Supplied entries: Begin

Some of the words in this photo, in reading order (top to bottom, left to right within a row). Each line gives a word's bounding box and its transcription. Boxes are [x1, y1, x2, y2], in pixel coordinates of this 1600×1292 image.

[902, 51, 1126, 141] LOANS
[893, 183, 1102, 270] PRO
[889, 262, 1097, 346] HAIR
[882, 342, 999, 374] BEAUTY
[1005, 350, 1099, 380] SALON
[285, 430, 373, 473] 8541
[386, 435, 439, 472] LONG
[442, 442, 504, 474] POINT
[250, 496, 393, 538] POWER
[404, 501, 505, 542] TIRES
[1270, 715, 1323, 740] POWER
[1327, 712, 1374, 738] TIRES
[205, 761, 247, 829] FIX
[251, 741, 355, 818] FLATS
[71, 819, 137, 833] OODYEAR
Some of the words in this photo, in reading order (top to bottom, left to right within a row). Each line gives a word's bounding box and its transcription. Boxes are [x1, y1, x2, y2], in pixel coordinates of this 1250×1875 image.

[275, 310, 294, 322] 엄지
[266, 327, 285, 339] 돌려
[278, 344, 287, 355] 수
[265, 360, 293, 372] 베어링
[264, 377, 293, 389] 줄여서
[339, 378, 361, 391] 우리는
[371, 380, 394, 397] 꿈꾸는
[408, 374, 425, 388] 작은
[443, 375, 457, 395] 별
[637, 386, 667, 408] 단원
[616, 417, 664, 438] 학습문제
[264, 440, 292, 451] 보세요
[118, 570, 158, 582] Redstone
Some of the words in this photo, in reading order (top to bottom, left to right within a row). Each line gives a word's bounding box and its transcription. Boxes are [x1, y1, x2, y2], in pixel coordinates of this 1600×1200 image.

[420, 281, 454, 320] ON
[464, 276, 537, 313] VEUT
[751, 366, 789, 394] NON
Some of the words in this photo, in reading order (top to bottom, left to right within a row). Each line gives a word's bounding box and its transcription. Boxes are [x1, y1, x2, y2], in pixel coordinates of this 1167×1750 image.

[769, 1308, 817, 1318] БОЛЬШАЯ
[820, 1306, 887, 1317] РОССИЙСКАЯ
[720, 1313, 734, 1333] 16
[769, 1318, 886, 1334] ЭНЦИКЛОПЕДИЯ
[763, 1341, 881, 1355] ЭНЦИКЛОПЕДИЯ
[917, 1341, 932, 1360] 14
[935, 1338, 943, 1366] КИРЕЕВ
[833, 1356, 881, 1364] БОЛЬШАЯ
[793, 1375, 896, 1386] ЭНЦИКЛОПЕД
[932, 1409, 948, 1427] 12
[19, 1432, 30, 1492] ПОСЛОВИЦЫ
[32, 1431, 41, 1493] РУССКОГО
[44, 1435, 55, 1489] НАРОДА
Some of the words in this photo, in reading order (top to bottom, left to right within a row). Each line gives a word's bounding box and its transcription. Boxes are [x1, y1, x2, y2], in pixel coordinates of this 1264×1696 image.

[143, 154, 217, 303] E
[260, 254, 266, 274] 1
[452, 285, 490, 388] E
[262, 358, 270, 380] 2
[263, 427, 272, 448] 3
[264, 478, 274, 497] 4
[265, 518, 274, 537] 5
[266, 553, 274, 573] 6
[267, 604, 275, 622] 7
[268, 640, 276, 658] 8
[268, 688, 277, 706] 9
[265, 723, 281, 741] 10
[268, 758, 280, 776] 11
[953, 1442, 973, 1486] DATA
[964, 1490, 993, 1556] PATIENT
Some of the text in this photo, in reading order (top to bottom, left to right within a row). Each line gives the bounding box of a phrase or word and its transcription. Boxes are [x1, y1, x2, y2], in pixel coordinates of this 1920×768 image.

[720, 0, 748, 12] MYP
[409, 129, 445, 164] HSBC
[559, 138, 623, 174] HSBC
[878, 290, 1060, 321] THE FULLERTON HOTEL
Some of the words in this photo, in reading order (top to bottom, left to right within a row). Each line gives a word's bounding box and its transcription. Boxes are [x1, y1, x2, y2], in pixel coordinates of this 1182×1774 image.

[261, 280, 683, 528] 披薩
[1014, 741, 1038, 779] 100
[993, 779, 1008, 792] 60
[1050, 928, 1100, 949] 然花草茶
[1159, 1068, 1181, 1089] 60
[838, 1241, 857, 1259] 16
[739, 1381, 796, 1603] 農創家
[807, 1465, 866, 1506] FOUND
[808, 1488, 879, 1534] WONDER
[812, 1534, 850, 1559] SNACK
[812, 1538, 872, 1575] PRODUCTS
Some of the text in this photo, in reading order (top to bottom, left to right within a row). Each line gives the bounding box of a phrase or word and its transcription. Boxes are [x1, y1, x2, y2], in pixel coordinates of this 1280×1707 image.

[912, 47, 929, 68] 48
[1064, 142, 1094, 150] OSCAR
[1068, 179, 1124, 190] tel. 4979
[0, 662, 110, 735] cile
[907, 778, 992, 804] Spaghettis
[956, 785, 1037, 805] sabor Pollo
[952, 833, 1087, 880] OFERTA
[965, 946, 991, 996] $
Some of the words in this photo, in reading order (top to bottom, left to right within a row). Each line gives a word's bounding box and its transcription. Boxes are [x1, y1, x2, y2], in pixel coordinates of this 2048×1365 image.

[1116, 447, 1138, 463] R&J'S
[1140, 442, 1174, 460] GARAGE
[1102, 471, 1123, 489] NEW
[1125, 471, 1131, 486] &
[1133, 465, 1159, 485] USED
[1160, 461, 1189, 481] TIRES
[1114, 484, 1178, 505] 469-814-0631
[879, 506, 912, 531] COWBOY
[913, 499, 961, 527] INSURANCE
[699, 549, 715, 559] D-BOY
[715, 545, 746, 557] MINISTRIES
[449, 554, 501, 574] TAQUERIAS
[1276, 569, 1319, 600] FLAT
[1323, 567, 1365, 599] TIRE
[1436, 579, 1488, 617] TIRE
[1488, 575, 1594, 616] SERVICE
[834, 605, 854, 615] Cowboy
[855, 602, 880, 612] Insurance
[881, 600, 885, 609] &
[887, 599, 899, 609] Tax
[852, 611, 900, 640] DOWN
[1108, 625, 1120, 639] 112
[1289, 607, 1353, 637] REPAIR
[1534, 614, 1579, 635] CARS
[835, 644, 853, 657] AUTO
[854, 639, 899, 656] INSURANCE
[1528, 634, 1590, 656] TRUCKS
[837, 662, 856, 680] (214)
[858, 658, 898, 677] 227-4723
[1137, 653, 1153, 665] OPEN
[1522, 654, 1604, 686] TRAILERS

Supplied entries: End

The whole of the data must be given again, exactly as shown.

→ Answer area:
Some of the words in this photo, in reading order (top to bottom, left to right within a row). Each line gives a word's bounding box and its transcription. Boxes are [x1, y1, x2, y2], in pixel coordinates of this 1600×1292 image.

[902, 51, 1126, 141] LOANS
[893, 183, 1102, 270] PRO
[889, 262, 1097, 346] HAIR
[882, 342, 999, 374] BEAUTY
[1005, 350, 1099, 380] SALON
[285, 430, 373, 473] 8541
[386, 435, 439, 472] LONG
[442, 442, 504, 474] POINT
[250, 496, 393, 538] POWER
[404, 501, 505, 542] TIRES
[1270, 715, 1323, 740] POWER
[1327, 712, 1374, 738] TIRES
[205, 761, 247, 829] FIX
[251, 741, 355, 818] FLATS
[71, 819, 137, 833] OODYEAR
Some of the words in this photo, in reading order (top to bottom, left to right within a row). Each line gives a word's bounding box and its transcription. Boxes are [x1, y1, x2, y2], in pixel coordinates of this 1250×1875 image.

[275, 310, 294, 322] 엄지
[266, 327, 285, 339] 돌려
[278, 344, 287, 355] 수
[265, 360, 293, 372] 베어링
[264, 377, 293, 389] 줄여서
[339, 378, 361, 391] 우리는
[371, 380, 394, 397] 꿈꾸는
[408, 374, 425, 388] 작은
[443, 375, 457, 395] 별
[637, 386, 667, 408] 단원
[616, 417, 664, 438] 학습문제
[264, 440, 292, 451] 보세요
[118, 570, 158, 582] Redstone
Some of the words in this photo, in reading order (top to bottom, left to right within a row). Each line gives a word's bounding box and its transcription. Boxes are [x1, y1, x2, y2], in pixel coordinates of this 1600×1200 image.

[420, 281, 454, 320] ON
[464, 276, 537, 313] VEUT
[751, 366, 789, 394] NON
Some of the words in this photo, in reading order (top to bottom, left to right within a row). Each line gives a word's bounding box and its transcription. Boxes are [x1, y1, x2, y2], in pixel coordinates of this 1167×1750 image.

[769, 1308, 817, 1318] БОЛЬШАЯ
[820, 1306, 887, 1317] РОССИЙСКАЯ
[720, 1313, 734, 1333] 16
[769, 1318, 886, 1334] ЭНЦИКЛОПЕДИЯ
[763, 1341, 881, 1355] ЭНЦИКЛОПЕДИЯ
[917, 1341, 932, 1360] 14
[935, 1338, 943, 1366] КИРЕЕВ
[833, 1356, 881, 1364] БОЛЬШАЯ
[793, 1375, 896, 1386] ЭНЦИКЛОПЕД
[932, 1409, 948, 1427] 12
[19, 1432, 30, 1492] ПОСЛОВИЦЫ
[32, 1431, 41, 1493] РУССКОГО
[44, 1435, 55, 1489] НАРОДА
Some of the words in this photo, in reading order (top to bottom, left to right within a row). Each line gives a word's bounding box and its transcription. Boxes are [x1, y1, x2, y2], in pixel coordinates of this 1264×1696 image.

[143, 154, 217, 303] E
[260, 254, 266, 274] 1
[452, 285, 490, 388] E
[262, 358, 270, 380] 2
[263, 427, 272, 448] 3
[264, 478, 274, 497] 4
[265, 518, 274, 537] 5
[266, 553, 274, 573] 6
[267, 604, 275, 622] 7
[268, 640, 276, 658] 8
[268, 688, 277, 706] 9
[265, 723, 281, 741] 10
[268, 758, 280, 776] 11
[953, 1442, 973, 1486] DATA
[964, 1490, 993, 1556] PATIENT
Some of the text in this photo, in reading order (top to bottom, left to right within a row). Each line gives the bounding box of a phrase or word and its transcription. Boxes are [x1, y1, x2, y2], in pixel coordinates of this 1920×768 image.

[720, 0, 748, 12] MYP
[409, 129, 445, 164] HSBC
[559, 138, 623, 174] HSBC
[878, 290, 1060, 321] THE FULLERTON HOTEL
Some of the words in this photo, in reading order (top to bottom, left to right within a row). Each line gives a word's bounding box and its transcription. Boxes are [x1, y1, x2, y2], in pixel coordinates of this 1182×1774 image.

[261, 280, 683, 528] 披薩
[1014, 741, 1038, 779] 100
[993, 779, 1008, 792] 60
[1050, 928, 1100, 949] 然花草茶
[1159, 1068, 1181, 1089] 60
[838, 1241, 857, 1259] 16
[739, 1381, 796, 1603] 農創家
[807, 1465, 866, 1506] FOUND
[808, 1488, 879, 1534] WONDER
[812, 1534, 850, 1559] SNACK
[812, 1538, 872, 1575] PRODUCTS
Some of the text in this photo, in reading order (top to bottom, left to right within a row). Each line gives the bounding box of a phrase or word and its transcription. Boxes are [x1, y1, x2, y2], in pixel coordinates of this 1280×1707 image.

[912, 47, 929, 68] 48
[1064, 142, 1094, 150] OSCAR
[1068, 179, 1124, 190] tel. 4979
[0, 662, 110, 735] cile
[907, 778, 992, 804] Spaghettis
[956, 785, 1037, 805] sabor Pollo
[952, 833, 1087, 880] OFERTA
[965, 946, 991, 996] $
Some of the words in this photo, in reading order (top to bottom, left to right within a row). Each line gives a word's bounding box and its transcription. Boxes are [x1, y1, x2, y2], in pixel coordinates of this 2048×1365 image.

[1116, 447, 1138, 463] R&J'S
[1140, 442, 1174, 460] GARAGE
[1102, 471, 1123, 489] NEW
[1125, 471, 1131, 486] &
[1133, 465, 1159, 485] USED
[1160, 461, 1189, 481] TIRES
[1114, 484, 1178, 505] 469-814-0631
[879, 506, 912, 531] COWBOY
[913, 499, 961, 527] INSURANCE
[699, 549, 715, 559] D-BOY
[715, 545, 746, 557] MINISTRIES
[449, 554, 501, 574] TAQUERIAS
[1276, 569, 1319, 600] FLAT
[1323, 567, 1365, 599] TIRE
[1436, 579, 1488, 617] TIRE
[1488, 575, 1594, 616] SERVICE
[834, 605, 854, 615] Cowboy
[855, 602, 880, 612] Insurance
[881, 600, 885, 609] &
[887, 599, 899, 609] Tax
[852, 611, 900, 640] DOWN
[1108, 625, 1120, 639] 112
[1289, 607, 1353, 637] REPAIR
[1534, 614, 1579, 635] CARS
[835, 644, 853, 657] AUTO
[854, 639, 899, 656] INSURANCE
[1528, 634, 1590, 656] TRUCKS
[837, 662, 856, 680] (214)
[858, 658, 898, 677] 227-4723
[1137, 653, 1153, 665] OPEN
[1522, 654, 1604, 686] TRAILERS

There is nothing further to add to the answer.